资源环境科技发展态势分析平台

Common volume mesospheric meteor detections from two radar stations separated by about 130 km were used to retrieve horizontal wind fields between 82 and 96 km altitudes at high latitudes, near 69 degrees N. The horizontal wind divergence was estimated from the gradients of the wind fields. This determination is the first of its kind for the mesosphere. Twelve years of nearly continuous data sets reveal systematic summer signatures in the horizontal wind divergence field, namely, a transition from negative to positive with increasing altitude while moving across the mesopause. There are indications that the reversal altitude is also anticorrelated with the mesopause temperature in addition for a tendency for the altitude of the reversal to increase over the years. We show that the reversal in the horizontal wind divergence at the mesosphere is consistent with upward winds peaking near the mesopause. These winds indicate that adiabatic cooling was strongest at the region of the deep temperature minimum seen in the summer mesopause.

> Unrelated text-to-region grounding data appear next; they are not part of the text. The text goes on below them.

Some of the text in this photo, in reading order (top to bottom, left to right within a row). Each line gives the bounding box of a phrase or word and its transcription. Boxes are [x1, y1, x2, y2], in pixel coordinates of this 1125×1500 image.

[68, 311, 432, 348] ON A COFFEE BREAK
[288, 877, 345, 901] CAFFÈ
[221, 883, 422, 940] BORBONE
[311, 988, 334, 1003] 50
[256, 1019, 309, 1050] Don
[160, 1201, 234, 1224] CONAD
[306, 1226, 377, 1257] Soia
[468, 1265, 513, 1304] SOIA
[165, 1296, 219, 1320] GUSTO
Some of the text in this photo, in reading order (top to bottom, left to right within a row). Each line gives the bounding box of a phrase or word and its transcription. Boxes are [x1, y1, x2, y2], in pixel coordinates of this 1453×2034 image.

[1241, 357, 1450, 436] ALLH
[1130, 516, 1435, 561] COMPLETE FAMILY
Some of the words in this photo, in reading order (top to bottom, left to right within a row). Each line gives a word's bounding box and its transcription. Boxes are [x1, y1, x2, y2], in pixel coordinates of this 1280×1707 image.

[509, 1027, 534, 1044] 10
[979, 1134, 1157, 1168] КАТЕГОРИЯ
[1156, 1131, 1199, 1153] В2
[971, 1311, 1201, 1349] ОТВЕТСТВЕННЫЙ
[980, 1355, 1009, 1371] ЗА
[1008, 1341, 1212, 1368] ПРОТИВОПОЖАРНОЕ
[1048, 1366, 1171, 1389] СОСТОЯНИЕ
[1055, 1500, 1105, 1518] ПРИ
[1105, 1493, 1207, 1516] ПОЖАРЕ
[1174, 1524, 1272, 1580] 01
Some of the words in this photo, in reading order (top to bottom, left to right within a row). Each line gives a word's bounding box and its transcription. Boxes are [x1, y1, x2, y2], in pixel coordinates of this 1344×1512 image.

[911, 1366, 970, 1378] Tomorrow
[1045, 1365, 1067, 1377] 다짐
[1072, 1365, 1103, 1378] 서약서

Plain Language Summary The lowest atmospheric temperatures on Earth are found near 90 km altitude (the mesopause) during summer at polar latitudes. This fact is now well documented and is attributed to a predominance of large amplitude gravity waves carrying eastward momentum near 90 km altitude during summer season. Through a Coriolis deflection, the deposition of this momentum causes equatorward winds at high latitudes, an expansion of the air mass, adiabatic cooling, and an accompanying upward motion of the air. In particular, an experimental determination of the upwelling has been found lacking, owing to the very small vertical motions involved. In this paper, we present a new way to determine the mean vertical motion based on the observation of summer-long-averaged horizontal wind divergences obtained by meteor radar measurements observing the same field of view from two separate locations. For 12 consecutive years we have found that the horizontal divergence goes from negative to positive very near the altitude where the temperature reaches its minimum value. We show that this implies upward velocities of the order of 5 to 10 cm/s reaching their peak in that same region, consistent with the notion of strong adiabatic cooling as the source of the low temperatures.